I falter, however, when the attitude of "Can-Amy-get it-done?" shifts to "Of-course-Amy-can-do-it." I am immediately beset with self-doubt and uncertainty the moment I encounter someone who exhibits an unshakable trust in my abilities. I love to prove people wrong. I am an incompetent baboon (my apologies to competent baboons) when I attempt to live up to other people's expectations. The idea of letting someone down who believes in me is a terrifying prospect.
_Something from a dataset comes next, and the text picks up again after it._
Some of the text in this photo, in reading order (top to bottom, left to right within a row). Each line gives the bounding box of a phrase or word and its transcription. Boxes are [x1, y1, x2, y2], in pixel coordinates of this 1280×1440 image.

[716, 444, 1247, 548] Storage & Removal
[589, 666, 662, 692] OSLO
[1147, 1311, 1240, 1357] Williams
"Amy," my friend Deb asked (more like ordered), "I have a favor." Her daughter Evie (renamed Levelyn, Levy, and Ela-van based on my varying states of fatigue or inebriation) graduated this year and the party is Saturday. Apparently, it is imperative to have a fruit sculpture at this event or all of those years learning where to appropriately place commas would have been for naught. But who...who do we know...who would be able to delicately chisel a lifelike watermelon shark to represent Evie's scholastic achievement? Naturally, my name came immediately to mind. I was unceremoniously handed the Taste of Home article detailing how to accomplish this so-called simple task and then Deb launched into a stream of modifications which included replacing cantaloupe with in-season cherries accompanied by the required use of a complicated de-pitting device. Fearful that I wouldn't be able to locate the pineapple preserves in my local grocery store, Deb drew me a map after laughing hysterically when her husband innocently asked if I "put up" my own jams and jellies. While I was wondering where he thought I put them, Deb further insulted my homemaking abilities by telling him that my successfully opening a jar of Smuckers was as close as I was going to get to making marmalade.
http://www.tasteofhome.com/Recipes/Watermelon-Shark |
Apparently, all of Evie's hopes and dreams center on the accurate depiction of this fruit-filled shark sculpture. My stomach is in knots as the weight of this watermelon-sized responsibility rests on my slightly-atrophied shoulders. Despite my trepidation, I will step up to the plate (or platter) and make this melon mine. I am determined to de-pit. I will wield my melon-baller (for the first time) with sacrificial sincerity. I will rise to this occasion, asking not what a melon-baller is for, but what a melon-baller can do (my apologies to JFK). Amy Mosiman will fulfill this favor of her friend. Amy Mosiman will do what needs to be done, not for the a-ha but for the uh-huh. Just when you thought it was safe to eat a fruit salad, Amy Mosiman makes a man-eating melon.
I wasn't following this story until you wrote that Deb asked you to make a shark out of a watermelon. I have decided not to be negative, you will be fine, just keep telling yourself that.I have faith in you. I have never done one before, and I cook and bake. I'm sure we will be hearing all about the experience.
ReplyDeleteThanks for the encouragement, Cathy. If I succeed in this endeavor, I plan to branch out into zucchini carvings. My Everest may be those cute little radish roses!